There has been lots of talk about trust lately — or more accurately, about its loss. Loss of trust in our leaders. Loss of trust in government. Loss of trust in our democratic process. Loss of trust in each other.

My organization, Civity, supports connection and trust-building through conversation across societal divides. So I was excited recently to have the opportunity to spend some time really focusing on trust as part of a PACE “Imagination Sprint.” Each PACE Sprint brings about a dozen people together to discuss and reflect on a timely topic of pivotal importance.

I wasn’t sure quite what to expect from an imagination sprint about trust. As it turned out, the materials and the conversation with my Sprint colleagues spurred me to new perspectives and new questions.

Trust and Relationships

At Civity, our trust-building process aims high: we aim for culture change. Our culture, like all cultures, is based on relationships, positive and negative, close and not-so-close. Civity helps people create the space to build positive relationships based on respect and empathy. As positive relationships grow, even if those relationships are not-so-close, trust also grows. If a relationship is between two people who are different from each other, the connection and trust-building are transformative.

Civity convenes gatherings where people engage with each other in one-on-one conversations. People tell — and listen to — each others’ stories. Often these conversations call people to share experiences with and across social power divides such as race, class, country of origin. In these conversations, trust is tested — and built right away. “Did you create a safe space for me to tell my story? Did I tell my story honestly? Did you listen? Do I really see you? Do you see me?”

The Imagination Sprint pushed me to consider aspects of trust I hadn’t thought about before. At one level, everyone thinks trust is a good thing: “Yeah, of course we should have more trust in our society.” But the more we talked about trust in the Sprint, nuances began to appear.

Trust Has to Be Earned — And It Ain’t the Same for Everybody

One important point that came out of our Sprint discussions was that trust is earned. People don’t just magically trust each other. In order to trust someone, people need to think they are worthy of that trust. And there are different levels of trust. Some people we trust with our lives or with our kids. Other people we trust to be good neighbors.

Several participants in the Sprint pointed out that people in our society enjoy different perceived levels of trustworthiness.

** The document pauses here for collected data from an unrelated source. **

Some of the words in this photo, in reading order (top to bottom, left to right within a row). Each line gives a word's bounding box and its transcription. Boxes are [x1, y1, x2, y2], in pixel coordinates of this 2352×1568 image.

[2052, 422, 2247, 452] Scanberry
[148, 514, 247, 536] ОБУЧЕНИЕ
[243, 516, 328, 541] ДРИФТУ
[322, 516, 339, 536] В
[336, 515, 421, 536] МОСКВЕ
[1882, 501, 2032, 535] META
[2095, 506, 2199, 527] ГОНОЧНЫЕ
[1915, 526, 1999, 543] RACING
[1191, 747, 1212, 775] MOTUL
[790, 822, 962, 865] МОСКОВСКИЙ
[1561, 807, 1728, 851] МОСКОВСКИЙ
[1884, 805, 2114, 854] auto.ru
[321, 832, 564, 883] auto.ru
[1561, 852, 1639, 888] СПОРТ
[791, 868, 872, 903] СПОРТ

Race, for example, plays an important role for many in determining whether someone is deemed worthy of others’ trust. The stories of police brutality and persecution of African-American men and women show that not everybody gets an equal “benefit of the doubt.” Similarly, support — or lack of support — for policies or programs even perceived to be based on race (as well as on immigration status, or socioeconomic class) can signal different levels of trust in those groups.

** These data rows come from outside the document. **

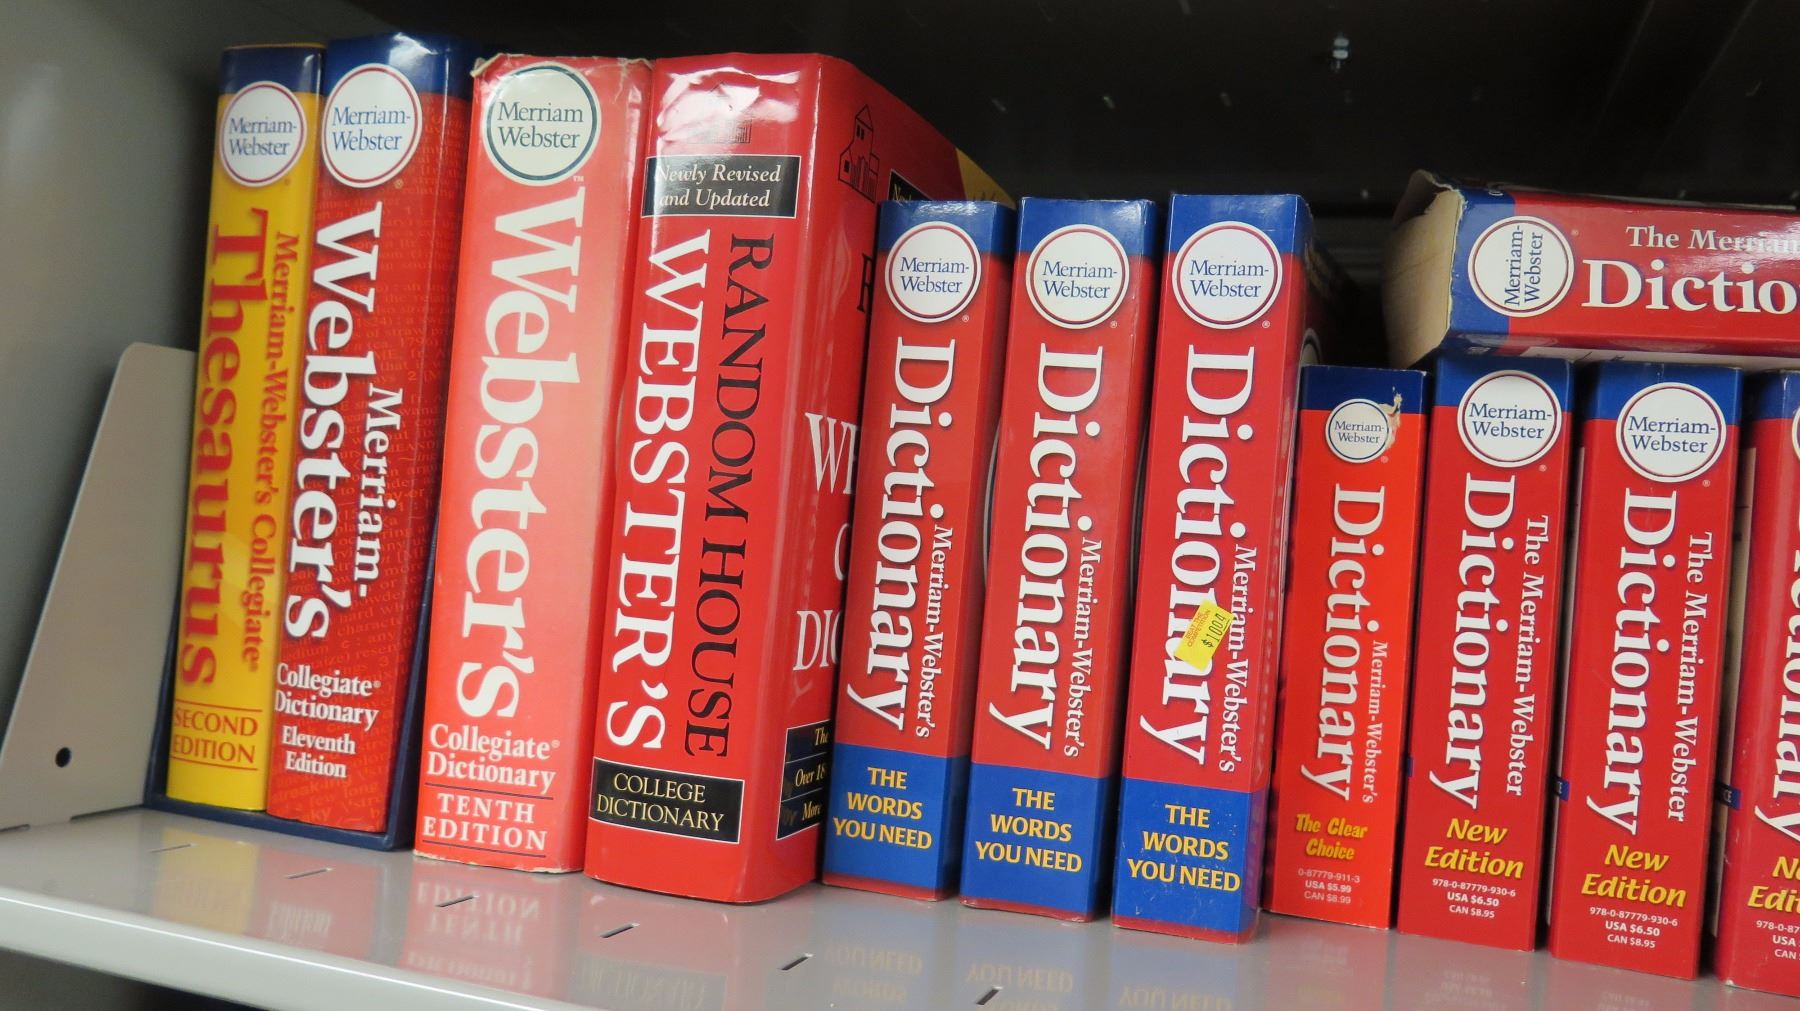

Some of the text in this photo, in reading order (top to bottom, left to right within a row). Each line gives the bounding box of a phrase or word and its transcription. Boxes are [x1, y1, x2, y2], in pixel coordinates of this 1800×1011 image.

[228, 115, 297, 135] Merriam-
[331, 105, 411, 127] Merriam-
[498, 99, 585, 126] Merriam
[228, 136, 291, 156] Webster
[331, 128, 403, 152] Webster
[497, 125, 581, 150] Webster
[655, 163, 782, 185] Newly Revised
[659, 188, 770, 210] and Updated
[1625, 225, 1680, 249] The
[899, 254, 970, 275] Merriam-
[1042, 258, 1118, 279] Merriam-
[1188, 257, 1270, 278] Merriam-
[1503, 225, 1524, 307] Merriam-
[1523, 231, 1544, 303] Webster
[899, 275, 964, 295] Webster
[1043, 279, 1112, 300] Webster
[1189, 277, 1263, 299] Webster
[1582, 259, 1800, 316] Dictio
[255, 231, 300, 506] Merriam-Webster's
[284, 201, 384, 639] Webster's
[1469, 402, 1553, 422] Merriam-
[1627, 415, 1716, 435] Merriam-
[1334, 419, 1385, 435] Merriam-
[1337, 432, 1380, 446] Webster
[1472, 421, 1544, 440] Webster
[181, 207, 270, 686] Thesaurus
[456, 186, 587, 719] Webster's
[1631, 434, 1708, 454] Webster
[353, 387, 404, 599] Merriam-
[605, 228, 711, 751] WEBSTER'S
[684, 233, 776, 758] RANDOM HOUSE
[847, 337, 957, 732] Dictionary
[988, 342, 1105, 751] Dictionary
[915, 524, 954, 738] Merriam-Webster's
[1300, 482, 1386, 802] Dictionary
[1429, 472, 1517, 809] Dictionary
[1063, 536, 1103, 759] Merriam-Webster's
[1217, 543, 1258, 774] Merriam-Webster's
[1505, 514, 1549, 797] The Merriam-Webster
[1586, 487, 1679, 836] Dictionary
[1667, 531, 1713, 823] The Merriam-Webster
[174, 706, 259, 737] SECOND
[274, 689, 380, 732] Dictionary
[1361, 639, 1389, 805] Merriam-Webster's
[171, 733, 257, 764] EDITION
[281, 725, 356, 755] Eleventh
[285, 750, 347, 779] Edition
[426, 751, 557, 795] Dictionary
[867, 765, 908, 790] THE
[613, 772, 706, 804] COLLEGE
[1012, 787, 1056, 811] THE
[437, 792, 536, 824] TENTH
[596, 793, 725, 832] DICTIONARY
[846, 790, 923, 820] WORDS
[1164, 803, 1211, 829] THE
[422, 816, 548, 851] EDITION
[832, 815, 932, 850] YOU NEED
[990, 813, 1073, 842] WORDS
[1295, 813, 1369, 839] The Clear
[1446, 818, 1508, 844] New
[975, 841, 1083, 874] YOU NEED
[1142, 832, 1230, 861] WORDS
[1305, 838, 1355, 860] Choice
[1604, 844, 1670, 872] New
[1127, 859, 1242, 893] YOU NEED
[1424, 846, 1525, 879] Edition
[1303, 890, 1325, 901] CAN
[1305, 880, 1326, 890] USA
[1432, 878, 1516, 897] 978-0-87779-930-6
[1447, 891, 1500, 907] USA $6.50
[1581, 873, 1687, 908] Edition
[1449, 904, 1495, 919] CAN $8.95
[1589, 906, 1678, 927] 978-0-87779-930-6
[1605, 920, 1660, 937] USA $6.50
[1607, 934, 1656, 949] CAN $8.95
[1772, 935, 1797, 947] USA
[1774, 949, 1797, 960] CAN

Of course, trust goes both ways. People who are marginalized by society also trust society less; they find society in general to be less than trustworthy. One Sprint participant, who is a person of color, talked about being on the other side of a door when he was interrupted in the middle of the night by a police officer (who turned out later to be at the wrong apartment). Did that person trust enough to want to open the door? Certainly not.

Social Change vs. Institutional Change

As the Sprint discussions progressed, I felt challenged. Is generating a culture of trust among individuals enough? Or should we be changing institutions and policies to make them more trustworthy?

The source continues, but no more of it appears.